Jika melihat fakta-fakta yang terjadi di belahan dunia Islam sendiri, Khilafah Islamiyah merupakan konsep utopis. Sebagai sebuah cita-cita politik ia masih mungkin. Sayangnya, Khilafah Islamiyah hanya berhenti pada tataran ide dan sangat sulit direalisasikan, sama seperti cita-cita Karl Marx mendirikan “Masyarakat Tanpa Kelas”. Khilafah Islamiyah hanya cocok dijadikan sebuah spirit dan ideologi perlawanan terhadap ketertindasan dan ketimpangan global, misalnya, bukan sebagai sistem kekuasaan.
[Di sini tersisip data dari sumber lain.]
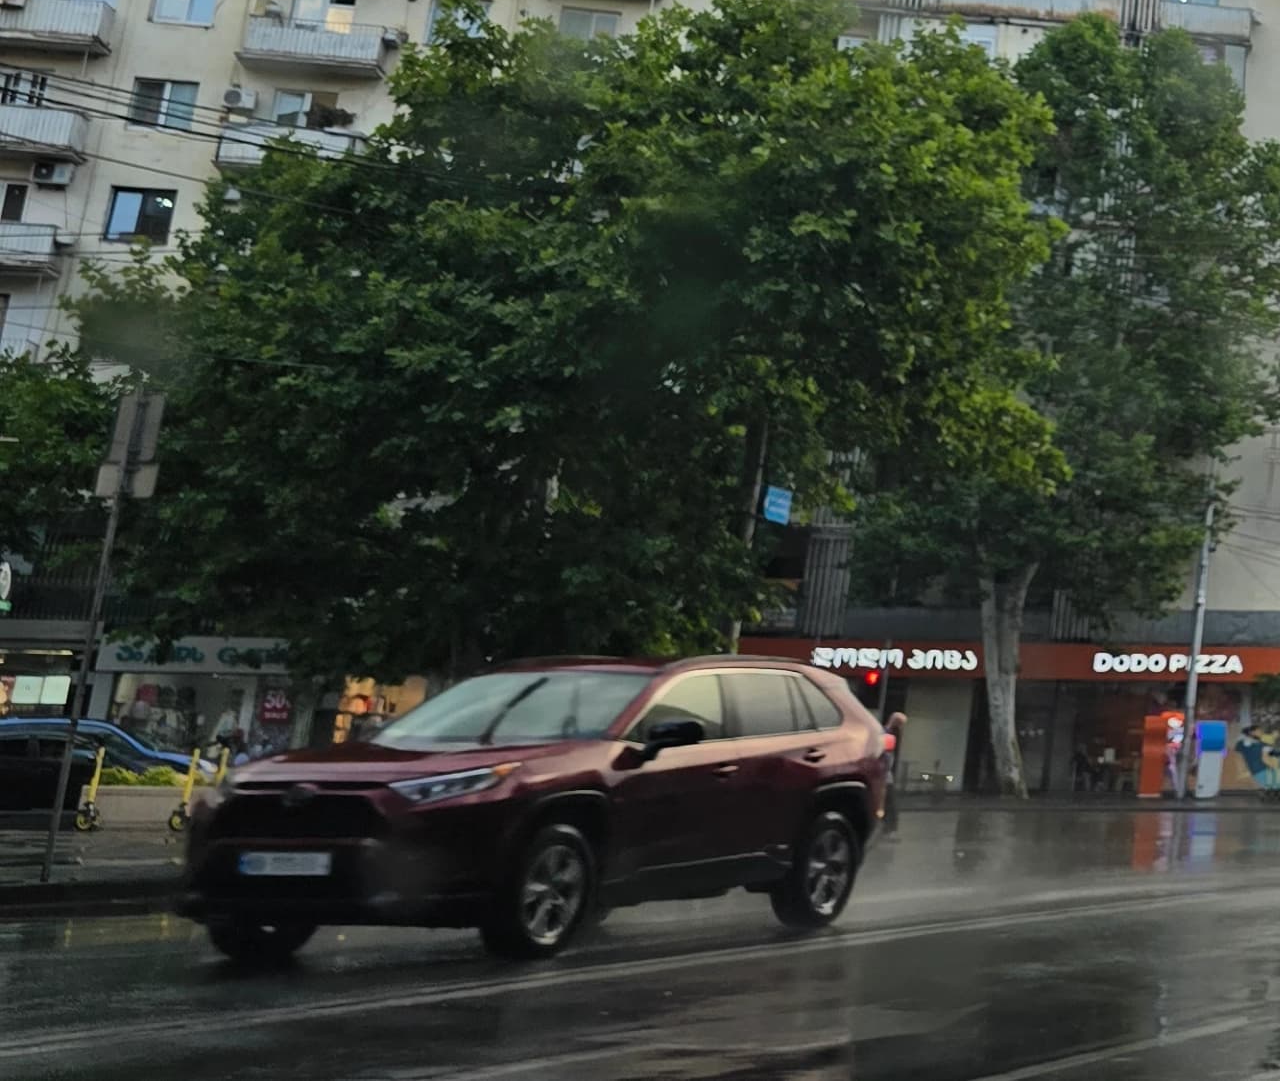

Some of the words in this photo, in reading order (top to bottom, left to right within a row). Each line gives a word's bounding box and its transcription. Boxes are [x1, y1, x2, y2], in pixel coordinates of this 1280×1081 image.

[812, 646, 903, 670] დოდო
[906, 647, 978, 671] პიცა
[1092, 651, 1167, 673] DODO
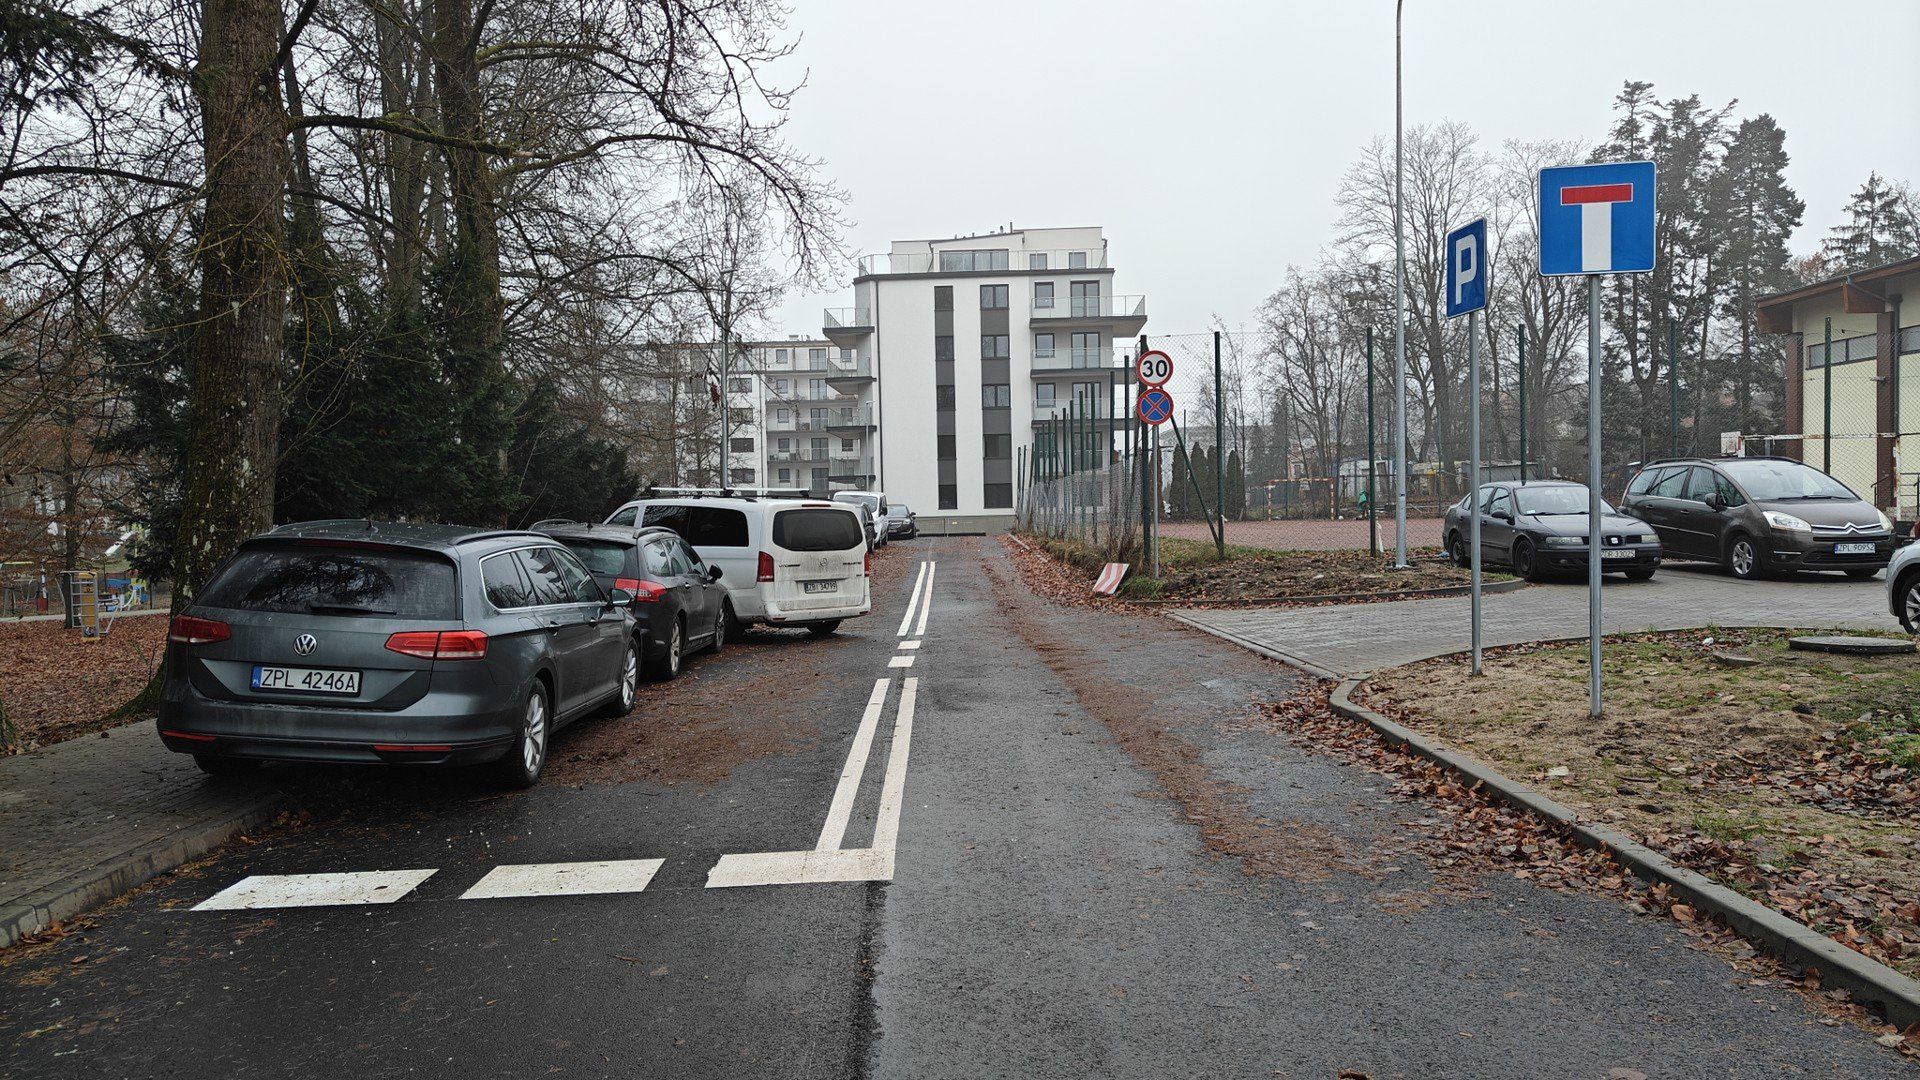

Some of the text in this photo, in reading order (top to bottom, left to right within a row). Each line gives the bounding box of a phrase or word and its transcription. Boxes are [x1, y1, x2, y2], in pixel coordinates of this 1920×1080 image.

[1455, 233, 1477, 306] P
[1142, 359, 1168, 378] 30
[1838, 544, 1852, 552] ZPL
[261, 668, 356, 692] ZPL 4246A
Klaim Hizbut Tahrir bahwa Khilafah Islamiyah berasal dari Islam dan digunakan oleh Rasulullah ternyata tidak terbukti dalam sejarah. Ada beberapa argumen yang mematahkan klaim ini. Pertama, Rasulullah tak pernah mewarisi sistem politik tertentu dan tak menunjuk siapa penggantinya. Buktinya, sepeninggal beliau, para sahabat disibukkan dengan suksesi kepemimpinan. Kedua, suksesi kepemimpinan era sahabat sendiri tak menganut sistem tunggal. Abu Bakr al-Shiddiq dipilih melalui Ahl al-Hall wa al-Aqd (formatur), sedangkan Utsman ibn Affan dipilih melalui penunjukan pemimpin sebelumnya (Wilâyah al-Ahd). Pasca al-Khulafa` al-Rasyidun, dunia Islam menganut sistem kerajaan (Umayyah, Abbasiyah, hingga Turki Utsmani). Jika Khilafah Islamiyah dianggap sebagai sistem baku dan warisan Nabi Muhammad Saw. tentunya sistem itu tak pernah berubah sepanjang masa.

Pengikut Hizbut Tahrir meneriakkan ‘Khilafah Islamiyah’ di Indonesia. Mungkinkah negara-negara Arab mau tunduk pada kekuasaan non-Arab? Konflik Sunni-Syi’ah saja tak bisa disembuhkan, apalagi sampai berebut kekuasaan. Agaknya, hampir mustahil mengharap persatuan negara-negara Islam, baik di Timur Tengah maupun Asia. Organisasi-organisasi Islam saja hampir tak berkutik menghadapi krisis yang dihadapi umat Muslim saat ini. Apalagi sampai mendirikan “negara bersama” yang disebut Khilafah Islamiyah itu.

Hizbut Tahrir masih diuntungkan di negeri ini. Meskipun tak setuju dengan demokrasi, karena dianggap sistem thâghût (bukan syariat Islam), Hizbut Tahrir tetap menikmati iklim demokrasi. Mereka dibiarkan hidup dan diberi hak hidup oleh negara, walaupun sesungguhnya anti-negara. Hizbut Tahrir harusnya bersyukur karena di tanah kelahirannya sendiri, bahkan di banyak negara, dianggap sebagai organisasi terlarang. Kita tidak begitu mengerti dengan konstitusi negara ini: ada sebuah organisasi anti-negara tetapi dipelihara dan dibiarkan tumbuh subur oleh negara sendiri. Apakah negara sedang bermain api?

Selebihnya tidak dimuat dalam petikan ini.